Diverso il caso di un complemento partitivo che regga una proposizione relativa: in tal caso, infatti, il pronome relativo andrebbe sempre riferito al partitivo e il verbo concordato al numero di quest’ultimo (ad esempio: «non bisogna piangere per nessuna delle cose che oggi accadono» Vittorini, cit. in Brunet 1981: 143; = per nessuna di quelle cose le quali…). Ma talvolta si ha nell’italiano colloquiale l’accordo al singolare col sostantivo reggente: «Franco Bassanini, deputato della sinistra indipendente, uno di quelli che c’è sempre, dal lunedì al sabato compresi» («l’Espresso», 8.11.1986, 19).
Accordo del participio col soggetto
Nell’italiano antico e modernamente solo in alcuni modi idiomatici o in un registro molto informale, l’anteposizione del predicato ad un soggetto plurale può comportare l’accordo al singolare (cfr.
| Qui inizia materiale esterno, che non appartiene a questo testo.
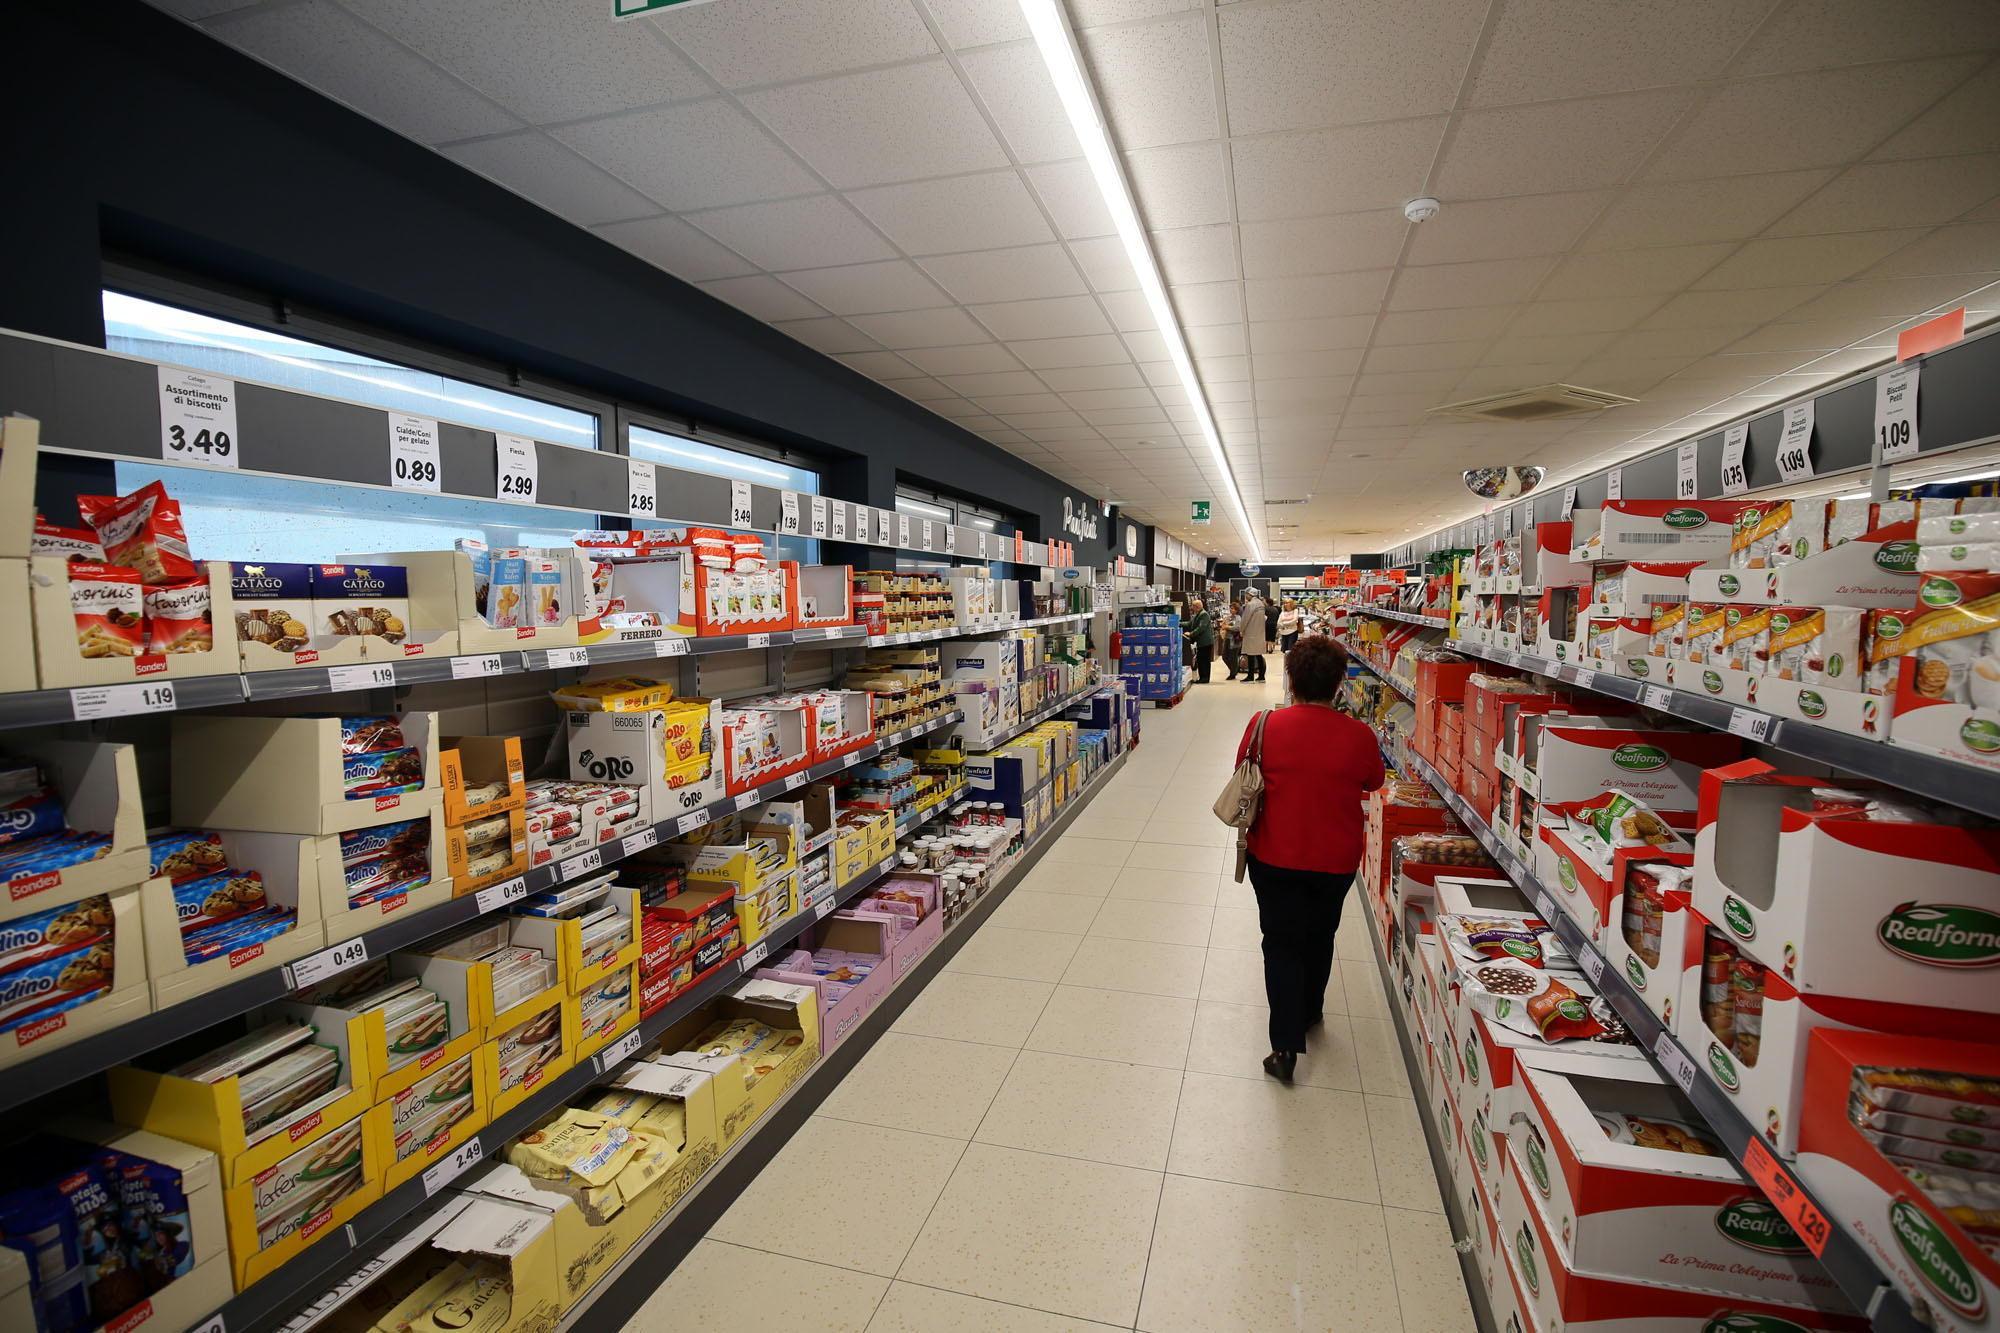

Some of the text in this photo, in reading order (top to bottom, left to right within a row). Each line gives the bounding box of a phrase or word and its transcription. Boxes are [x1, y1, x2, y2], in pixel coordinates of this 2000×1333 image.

[164, 384, 229, 403] Assortimento
[1886, 383, 1908, 397] Biscotti
[1889, 392, 1903, 404] Petit
[174, 396, 222, 411] di biscotti
[169, 424, 231, 457] 3.49
[396, 425, 432, 439] Cialde/Coni
[398, 434, 430, 446] per gelato
[1880, 419, 1910, 450] 1.09
[509, 447, 526, 456] Fiesta
[1780, 448, 1804, 474] 1.09
[395, 457, 436, 482] 0.89
[1723, 464, 1743, 487] 0.75
[502, 474, 533, 496] 2.99
[1680, 477, 1694, 497] 1.19
[631, 493, 654, 511] 2.85
[734, 508, 751, 523] 3.49
[784, 516, 797, 529] 1.39
[1664, 511, 1706, 526] Realforno
[33, 538, 94, 553] orinis
[322, 566, 345, 576] Sondey
[232, 578, 283, 589] CATAGO
[343, 580, 385, 590] CATAGO
[516, 629, 535, 639] Sondey
[620, 629, 662, 641] FERRERO
[295, 651, 320, 663] Sondey
[404, 645, 425, 656] Sondey
[569, 650, 588, 664] 0.85
[671, 642, 685, 654] 3.89
[136, 661, 167, 680] Sondey
[482, 659, 500, 672] 1.79
[372, 668, 393, 684] 1.19
[142, 687, 172, 706] 1.19
[613, 716, 644, 729] 660065
[666, 724, 687, 740] ORO
[1750, 717, 1766, 737] 1.09
[1614, 750, 1665, 767] Realforno
[344, 765, 377, 779] ndino
[589, 756, 634, 781] ORO
[1600, 780, 1680, 793] La Prima Colazione
[376, 797, 401, 812] Sondey
[683, 790, 703, 808] ORO
[643, 831, 657, 845] 1.79
[582, 852, 601, 870] 0.49
[12, 874, 60, 898] Sondey
[344, 867, 378, 887] ndino
[502, 880, 525, 899] 0.49
[383, 894, 408, 913] Sondey
[1723, 903, 1753, 931] Realforno
[231, 945, 265, 967] Sondey
[333, 943, 365, 968] 0.49
[642, 940, 671, 967] Loacker
[698, 938, 722, 963] Loacker
[1505, 941, 1540, 958] Realforno
[602, 954, 619, 971] Sondey
[642, 976, 670, 1002] Loacker
[18, 1016, 65, 1045] Sondey
[600, 1022, 617, 1039] Sondey
[623, 1035, 641, 1053] 2.49
[420, 1046, 445, 1070] Sondey
[1709, 1048, 1736, 1087] Realforno
[524, 1070, 544, 1090] Sondey
[393, 1095, 430, 1127] afer
[290, 1114, 321, 1141] Sondey
[539, 1118, 608, 1154] Tarallucci
[427, 1133, 450, 1157] Sondey
[456, 1142, 481, 1168] 2.49
[255, 1172, 303, 1211] afer
[302, 1210, 332, 1240] Sondey
[1798, 1202, 1826, 1245] 1.29
[1892, 1205, 1974, 1302] Realforno
[1659, 1253, 1681, 1268] La
[1683, 1257, 1728, 1275] Prima
[1729, 1262, 1796, 1284] Colazione
Brambilla Ageno 1964: 159-176): «fu fatto beffe di loro» (Sacchetti), «comparse molti soldati» (Cellini), «non vi fu per me né divertimento né amici» (Alfieri). In epoca più vicina a noi: «mi viene i bordoni soltanto a pensarci!» (Collodi, Pinocchio, 37); «mi par mill’anni, ogni giorno, che suoni la campana per ritornarmene qua a giocare, a fare anch’io il bambino» (Pirandello, Pensaci, Giacomino!, VII 46); «c’è degli impresari che, se non compagni, sono nostri amici» (Calvino, Racconti, 453).
Accordo del participio col complemento oggetto
In effetti, l’uso più tradizionale sembra essere o essere stato quello di accordare il participio col complemento oggetto, sia che questo seguisse il participio, sia che lo precedesse (essendo rappresentato da un pronome personale o relativo). Vediamo qualche esempio per le varie possibilità:
a) Oggetto posposto: «abbiamo scelte le più belle [di piante]» (Pirandello, La vita che ti diedi, II 265); Gioele Sanna fino a poco tempo prima aveva frequentata la casa (Deledda, L’incendio nell’oliveto, 33); «dopo che […] mi ebbe portati i saluti di mia madre» (Levi, Cristo si è fermato a Eboli, 75).
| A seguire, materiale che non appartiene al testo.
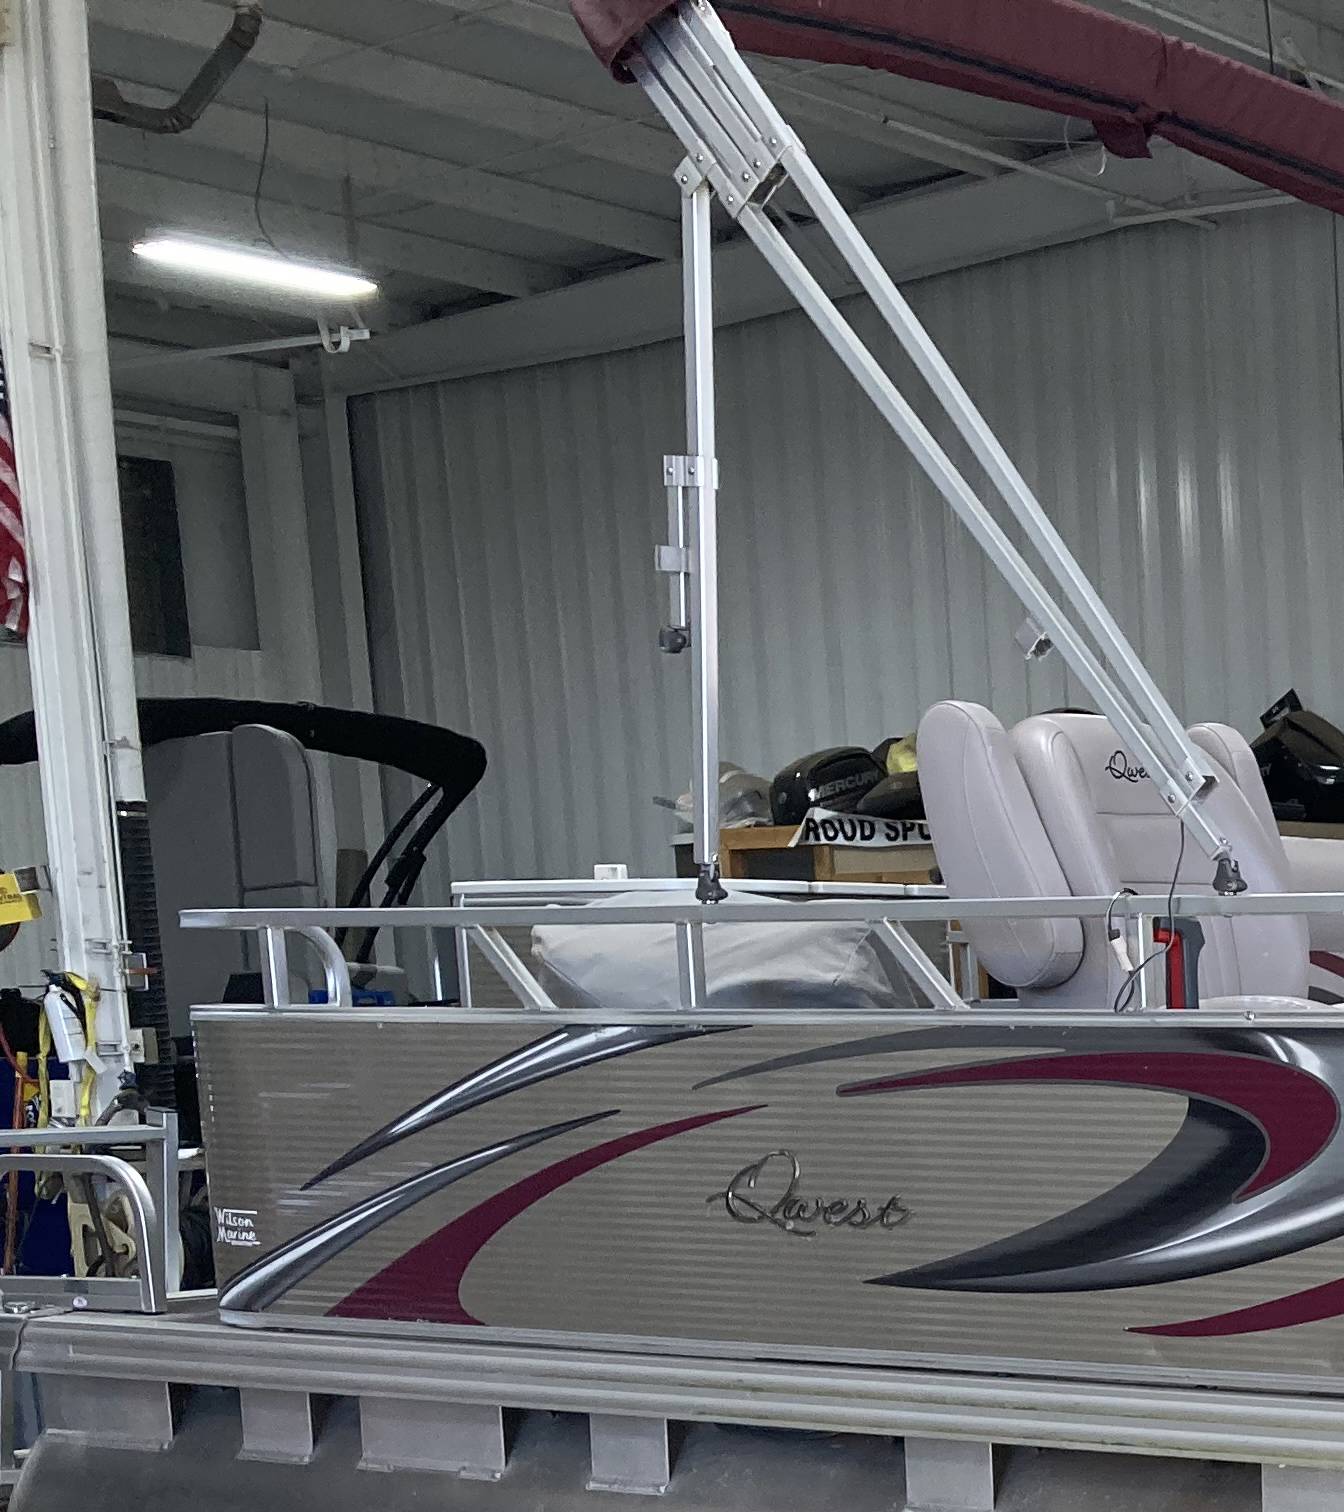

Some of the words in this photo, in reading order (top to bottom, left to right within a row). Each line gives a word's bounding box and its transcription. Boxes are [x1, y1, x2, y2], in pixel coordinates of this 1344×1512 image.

[705, 1149, 916, 1237] Qwest
[213, 1206, 256, 1228] Wilson
[216, 1225, 257, 1243] Marine
b) Oggetto anteposto costituito da un pronome personale: «chi ti ha accompagnata?» (De Marchi, Demetrio Pianelli, 169); «il Signore Gesù […] ci ha preceduti nella dimora eterna» (Messale festivo, 314).
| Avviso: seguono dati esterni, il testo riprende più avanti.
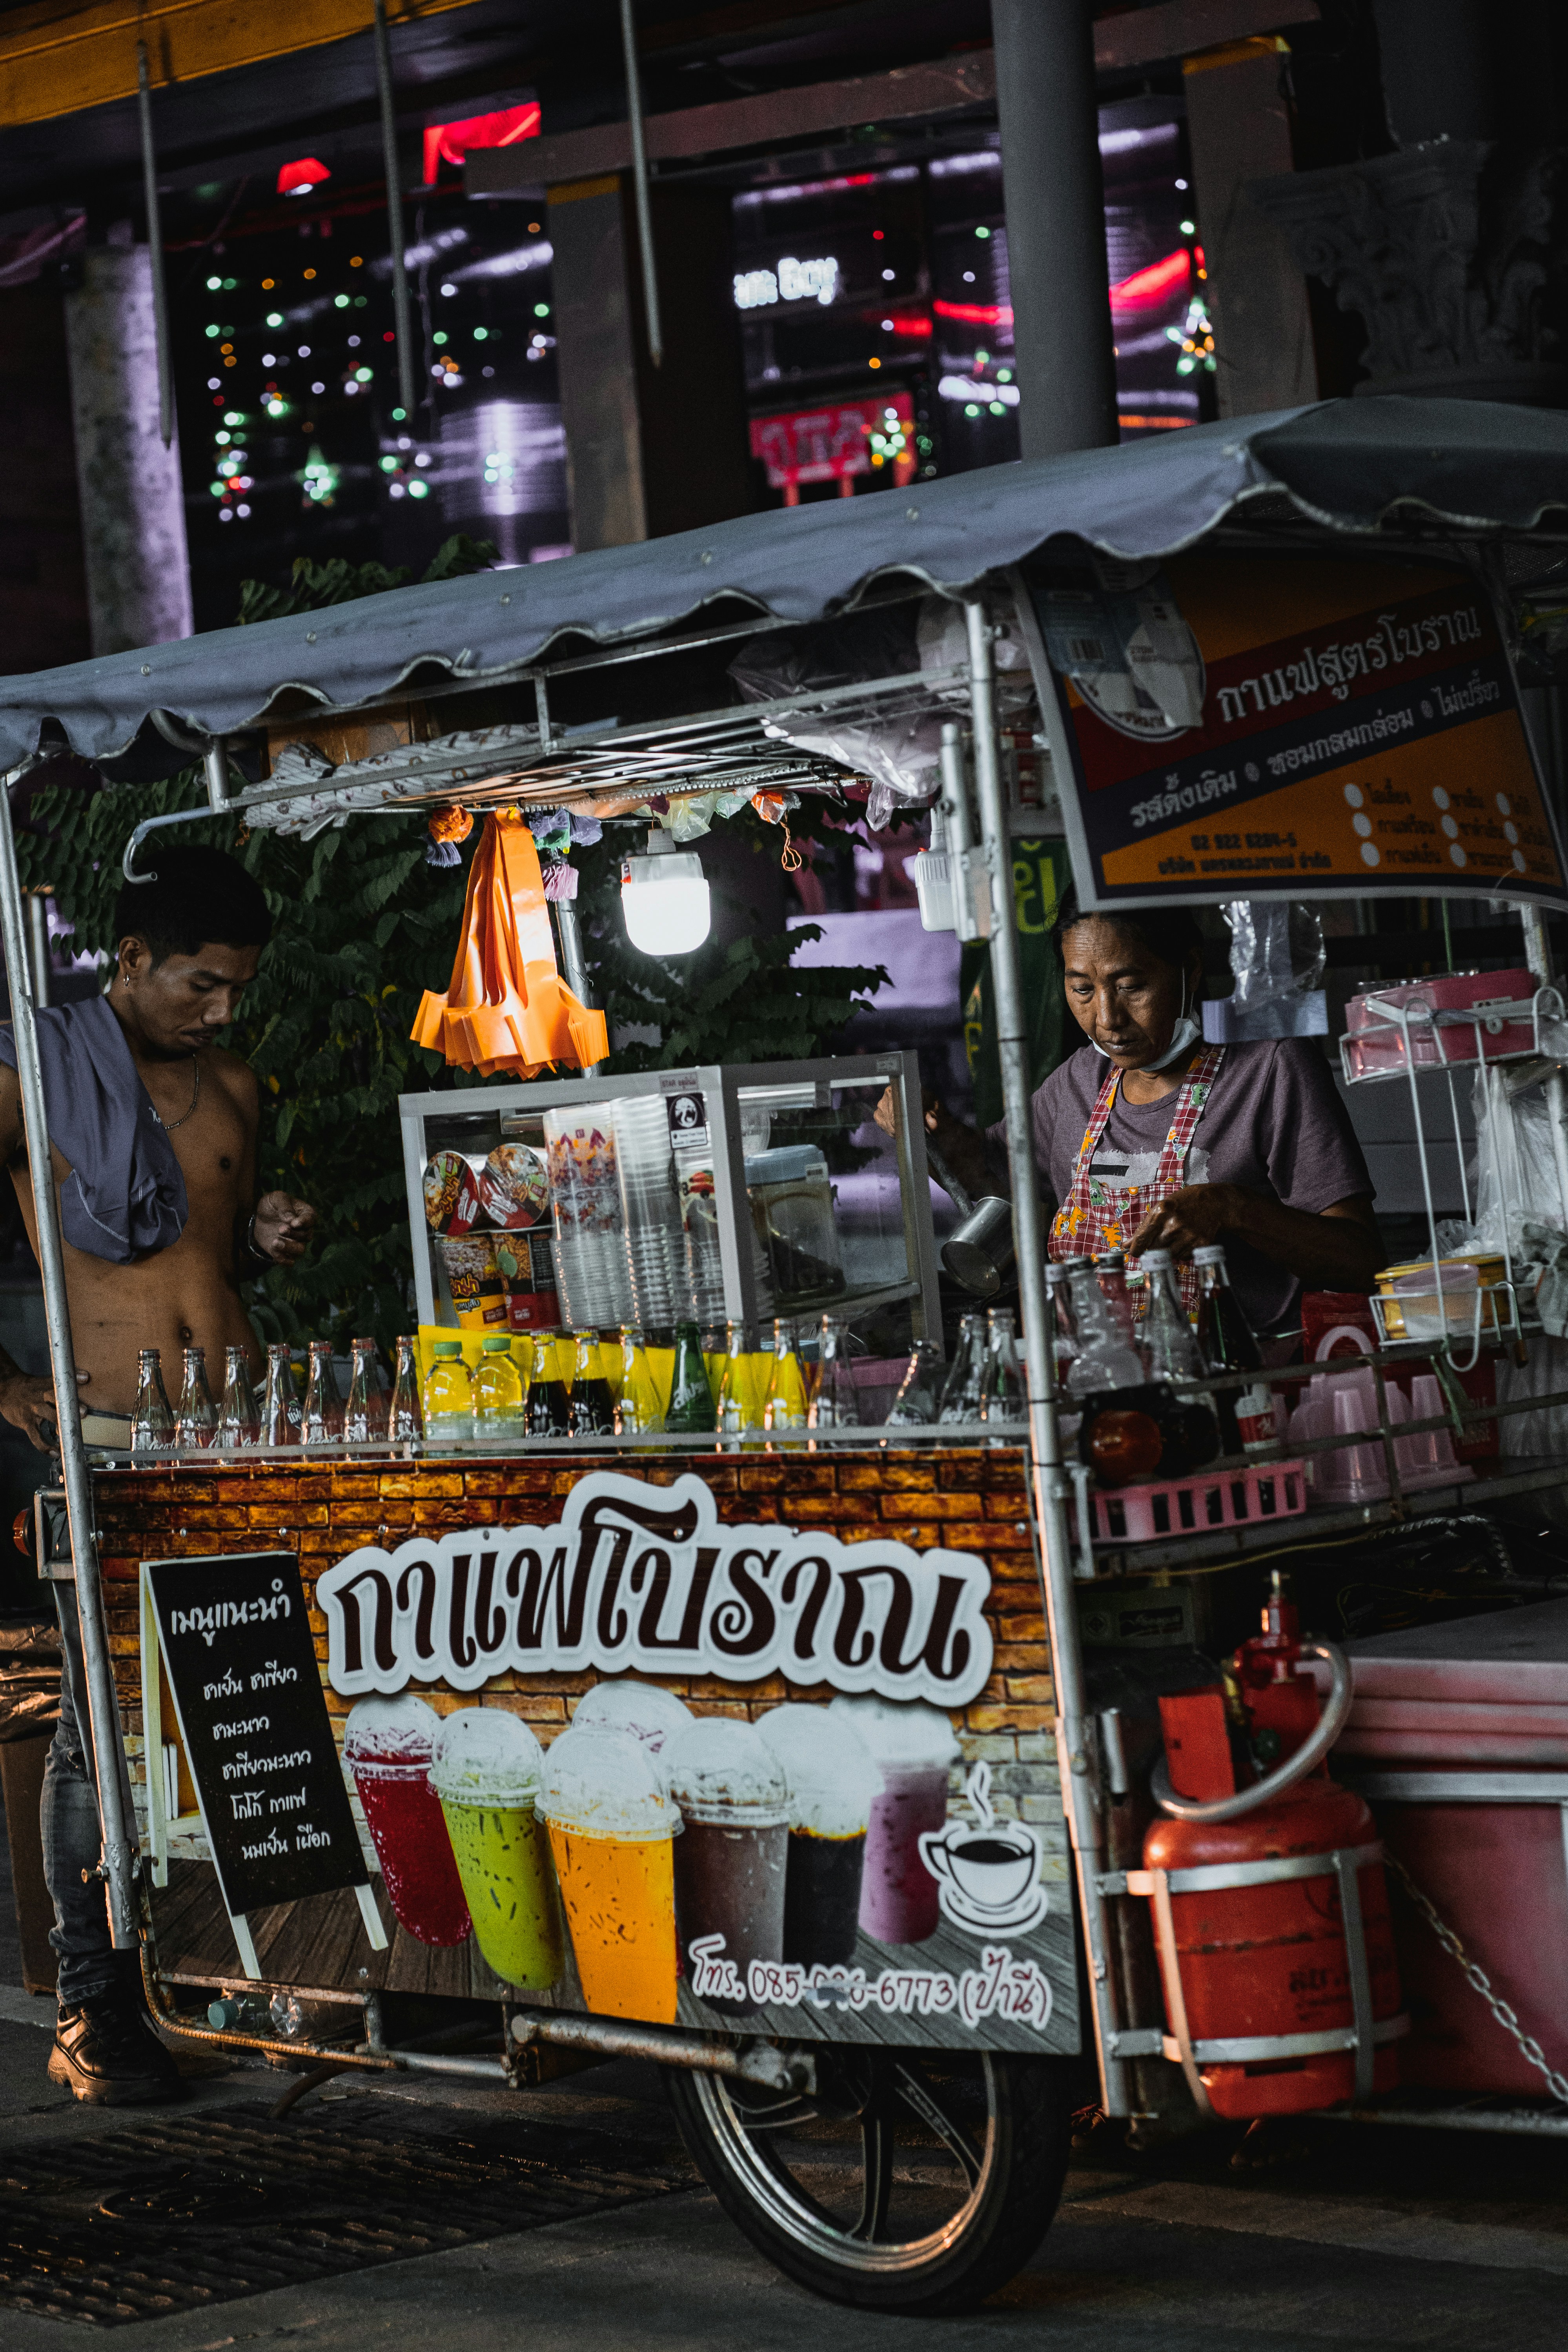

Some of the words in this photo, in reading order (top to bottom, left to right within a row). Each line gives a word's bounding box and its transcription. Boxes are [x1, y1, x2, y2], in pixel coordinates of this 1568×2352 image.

[1215, 605, 1482, 723] กาแฟสูตรโบราณ
[1130, 768, 1237, 826] รสดั้งเดิม
[332, 1495, 970, 1680] กาแฟโบราณ
[171, 1578, 290, 1647] เมนูแนะนำ
[203, 1668, 243, 1701] ชาเย็น
[250, 1660, 298, 1691] ชาเขียว
[212, 1715, 270, 1741] ชามะนาว
[222, 1748, 312, 1781] ชาเขียวมะนาว
[230, 1789, 265, 1820] โกโก้
[270, 1787, 307, 1814] กาแฟ
[242, 1827, 288, 1860] นมเย็น
[296, 1823, 331, 1851] เผือก
[962, 1952, 1049, 2024] (ป้านี)
c) Oggetto anteposto costituito da un pronome relativo: «certi bottoncini di brillanti che suo padre aveva portati alle nozze proprie (Fogazzaro, Piccolo mondo antico, 28); «Cristina, la cara creatura, affettuosa e malinconica, che io ho vista piangere tante volte» (D’Annunzio, Trionfo della morte, 108); «le molte udienze che Re Ferdinando gli aveva concesse (Tomasi di Lampedusa, Il Gattopardo, 25).
Senza fondamento appare una norma propugnata in Fornaciari 1881: 309 e ripresa da taluni grammatici successivi, secondo la quale «il participio passato (nei tempi composti) deve regolarmente restare invariabile e non accordarsi in numero e genere coll’oggetto plurale o femminile, quando questo gli sia posposto: deve invece accordarsi in numero e genere coll’oggetto medesimo, quando questo gli sia anteposto».